It’s hard to believe that this is coming so soon! Sure it’s over a year away, but when I look at how fast the past 49 years seems to have went, the big 50 will be here like “poof!” It’s terrifying, surreal, exhilarating, satisfying, and a whole bunch of other adjectives.  

Don’t get me wrong – getting older is way better than the alternative, but let’s talk about some comical things I’ve noticed as I’ve aged.

The Funny Facts

All of a sudden, I’ve got years on professional athletes – and even some sports teams managers. I’ve become the eye-rollee instead of the eye roller. There are remakes of songs and/or movies that were remakes when I was young. Without warning, I’m the least technical savvy person in my home – and don’t even get me started on user IDs and passwords. I make my own parents text me when they get home. I find myself purchasing two of many items “just in case” – even though I live across the street from Target and Stop & Shop. Gotta love moving to another age range on those website drop-down choices. And I’m well into an age-related protected class. 

Humorous and a big chuckle, right?

Less Humorous

Eyesight Changes: This was probably the first time the whole “getting older” thing hit me. I always had 20/20 vision, but a couple of years after turning 40, I started straining when reading close. During my eye exam, the ophthalmologist’s simple response was “age.” It was nothing, except getting older, and that these things happen with age. All I needed was the counter readers. I started off as a 1.0 around six years ago and I’m currently at a 1.75. Thankfully it was an easy solution and there was nothing really “wrong,” per se, but it was first time that my age was the answer to changes in my body. My daughter has been wearing glasses since she’s been five, so I know it’s not a big deal – it’s the age reasoning that struck me.

Hair: In general, I find myself leaving the grays in my hair longer, and as a result, I worship L’Oreal Root Cover Up Spray in between colorings. But I’m also referring to “other hair.” Our aging body offers random hairs on random parts of the body that were not there in our 20s and 30s. Pluck ’em and they grow back like weeds. It’s like the gift that keeps giving. What’s even more awesome is when those random hairs turn gray so they are harder to see. One on hand, it’s good that it’s harder for people to notice the odd sprouts. Yet, on the other hand, piggybacking on the eyesight issues – it’s tougher for me to find the suckers to pluck them! And speaking of gray, I’m breaking it to you now that gray hairs turn up everywhere. Yes. Everywhere. 

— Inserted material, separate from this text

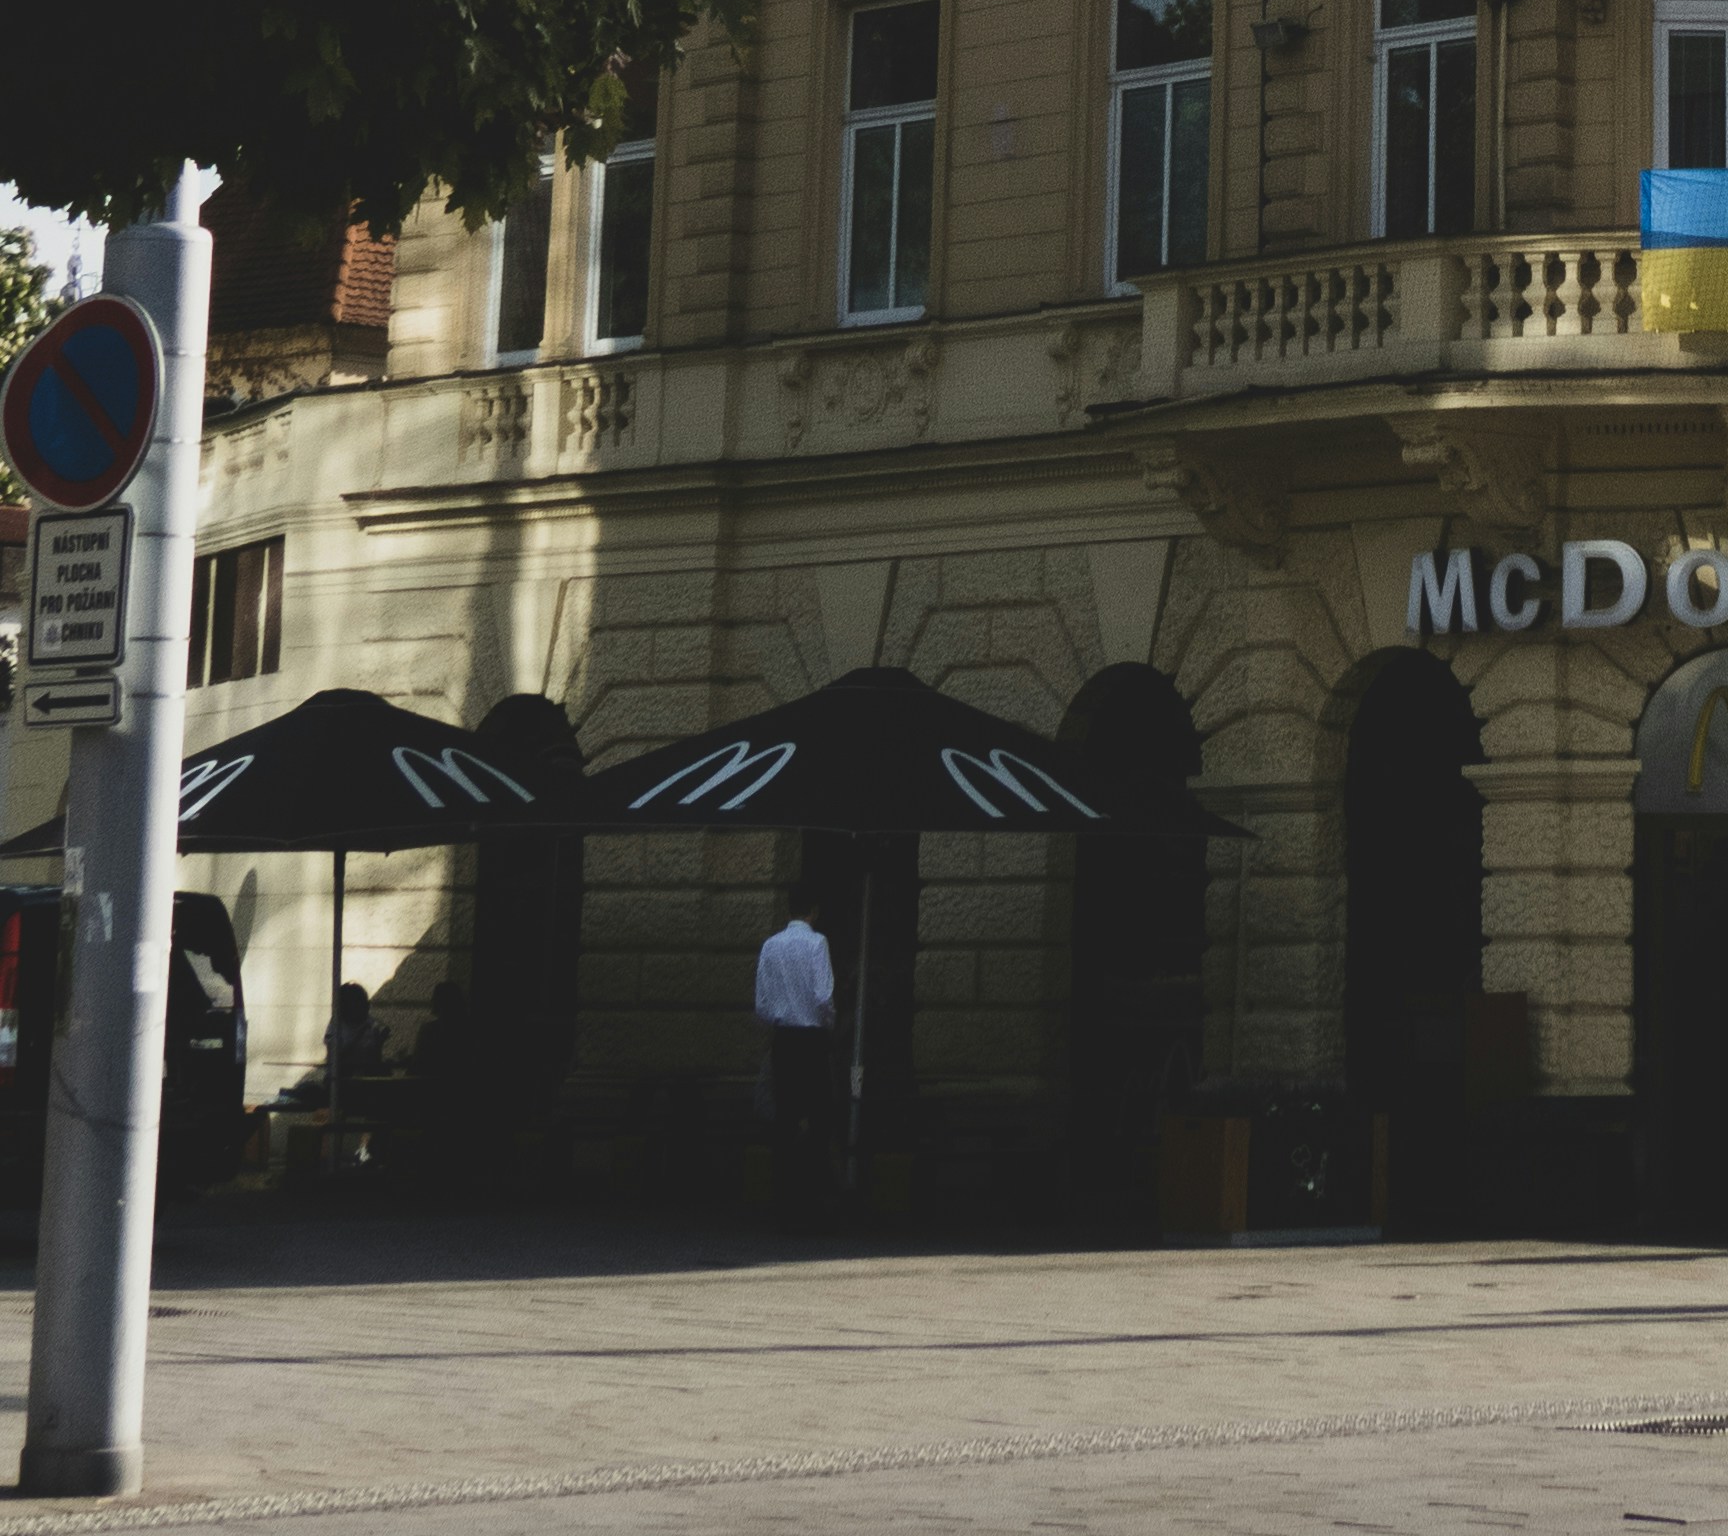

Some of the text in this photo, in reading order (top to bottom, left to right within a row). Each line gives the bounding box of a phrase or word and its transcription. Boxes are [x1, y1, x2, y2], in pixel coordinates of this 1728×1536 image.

Memory: In my younger years, I had an incredible memory. I’d remember random dates and what happened on each of those days – so much so that my friends used to rely on my memory for filling in the blanks on past events. Way before the days of documenting every move on social media. Who needed that when I was around. Fast forward to today and with lots more filling my brain, I’m nowhere as good as I used to be. In fact, every time I forget something, I swear that I’m getting Alzheimer’s. I forgot the word “banister” a few years back and I completely freaked out on my husband. Forgetting words, forgetting why I walked into a room, forgetting where I left my phone. Granted this does often work for my benefit with the kids! And now I completely understand the phenomenon of my grandmother running through a list of names before she got to the right one.   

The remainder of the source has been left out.